South Of The Border Turkey Shoot

A shooting match that blends the cultures of two worlds.

by
posted on April 13, 2024
Silhouette Shooting
Four shooters take their turns during a silhouette contest at Douglas, Ariz. Note the individual scorekeepers seated behind each shooter.  

These articles appeared originally in the July 1970 issue of The American Rifleman. To subscribe to the monthly magazine, visit NRA’s membership page.


Along the U.S.-Mexico border, where the cultures of the two nations merge, a new sport shooting game is growing—the Silhoueta Shoot.

North of the border, it is generally called "A Mexican Turkey Shoot" or "Mexican Silhouette Match."

Deep in Mexico, and even along the border in some places, it is fired at live animals, and if the shooter draws blood, the animal is the prize.

But the new U.S. ranges, and most Mexican ranges of today, consist of animal cutouts made of armor plate or a special type of plate steel.

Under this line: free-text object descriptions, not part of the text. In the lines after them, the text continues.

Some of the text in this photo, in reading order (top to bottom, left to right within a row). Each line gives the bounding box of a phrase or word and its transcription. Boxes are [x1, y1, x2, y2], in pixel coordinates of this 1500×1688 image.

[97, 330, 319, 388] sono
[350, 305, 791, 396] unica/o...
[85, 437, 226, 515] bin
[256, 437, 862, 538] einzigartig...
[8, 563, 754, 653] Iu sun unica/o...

The latter can be half-inch T-1 or Jalloy steel plate. If armor plate can be found, three-eighths inch will do fine. The close range silhouettes-200 and 300 meters—especially, require this tough steel.

A single range—sufficient for four shooters on the firing line per relay— consists of five chickens at 200 meters; five pigs, usually the wild javelina, at 300 meters; five turkeys at 385 meters; and five sheep (a new Tucson range uses about a half-size cutout of a desert bighorn ram) at 500 meters.

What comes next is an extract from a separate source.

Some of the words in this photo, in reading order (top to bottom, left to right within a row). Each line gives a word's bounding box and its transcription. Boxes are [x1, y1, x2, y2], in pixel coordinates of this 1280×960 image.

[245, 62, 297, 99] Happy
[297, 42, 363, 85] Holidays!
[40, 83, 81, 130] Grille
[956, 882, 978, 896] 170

Ranges may be in multiples of this layout to accommodate more shooters on the firing line at one time. Most use two layouts. The silhouettes are welded to a flat base about five inches in diameter and sit on a flat surface. They must be knocked over for a hit. A shot that merely turns the target around is scored as a miss.

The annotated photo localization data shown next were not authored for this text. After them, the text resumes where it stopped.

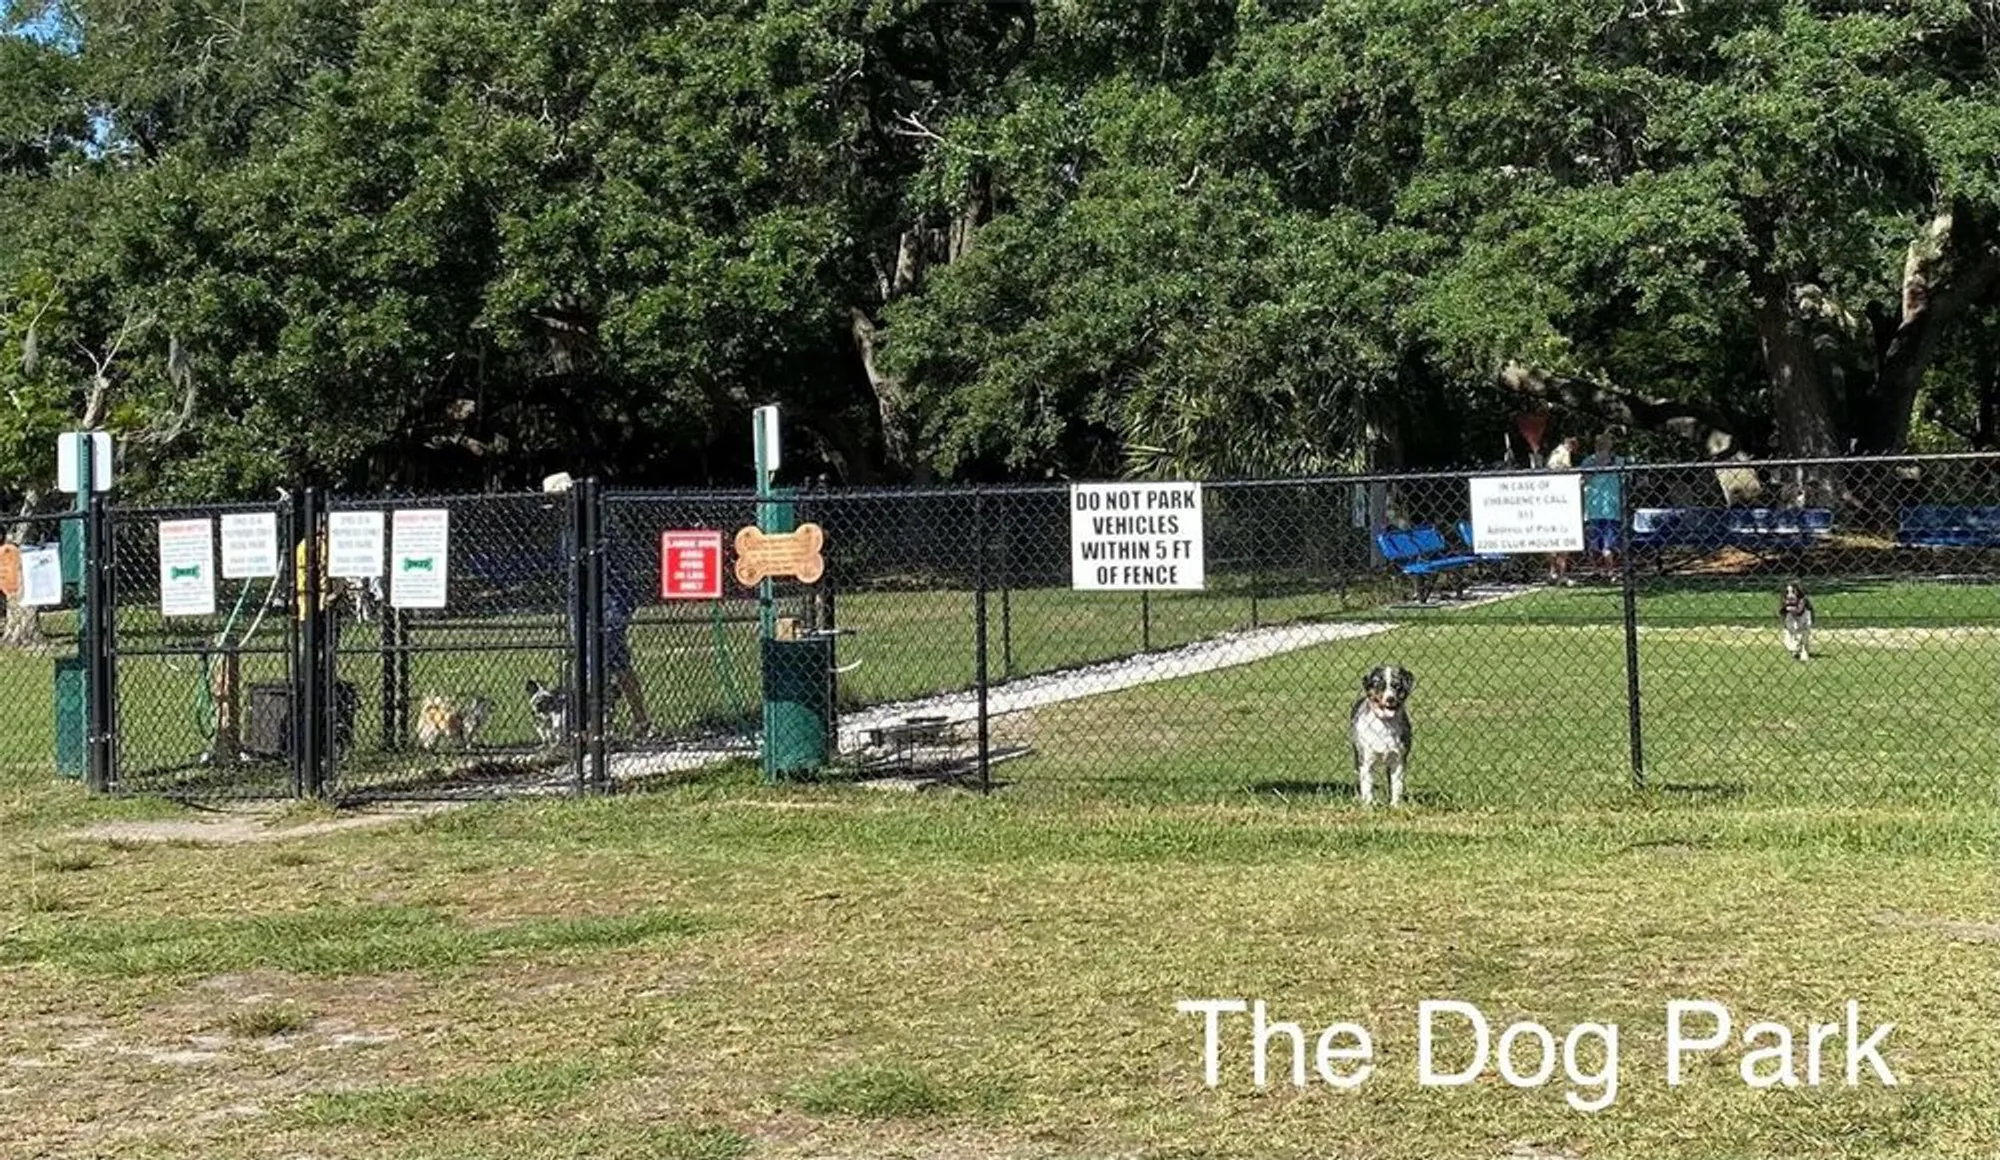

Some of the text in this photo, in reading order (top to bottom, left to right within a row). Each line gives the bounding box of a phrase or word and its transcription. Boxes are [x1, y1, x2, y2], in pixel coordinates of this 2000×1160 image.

[1499, 480, 1550, 492] IN CASE OF
[1076, 489, 1195, 511] DO NOT PARK
[1483, 494, 1568, 507] EMERGENCY CALL
[1092, 514, 1179, 535] VEHICLES
[1081, 540, 1192, 560] WITHIN 5 FT
[1528, 538, 1560, 548] HOUSE
[1097, 565, 1177, 585] OF FENCE

Efforts are now being made in both countries to standardize and adopt uniform rules and procedures as well as uniform specifications for ranges, targets, arms, scopes, and other shooting equipment.

Generally, most ranges forbid use of shooting coats, slings, and target scopes (warm jackets are okay; but not heavily padded). However, there is no restriction on hunting scopes, including the varmint scope with target-type mounts used by most top U.S. shooters in these matches. Those who wish may use more than one rifle, even a different arm at each range. The rifle is limited to four kilos—about 8-1/2 pounds—without scope. Any caliber 6 mm. or larger may be used, but power equivalent to the .308 Winchester or .30-06 is desirable to knock over the heavy targets at the longer ranges. Armor piercing ammunition is barred, but full-patch military ammunition or match ammunition is okay.

No sighters are allowed during a match, so shooters must sight in and record their sight settings prior to the match.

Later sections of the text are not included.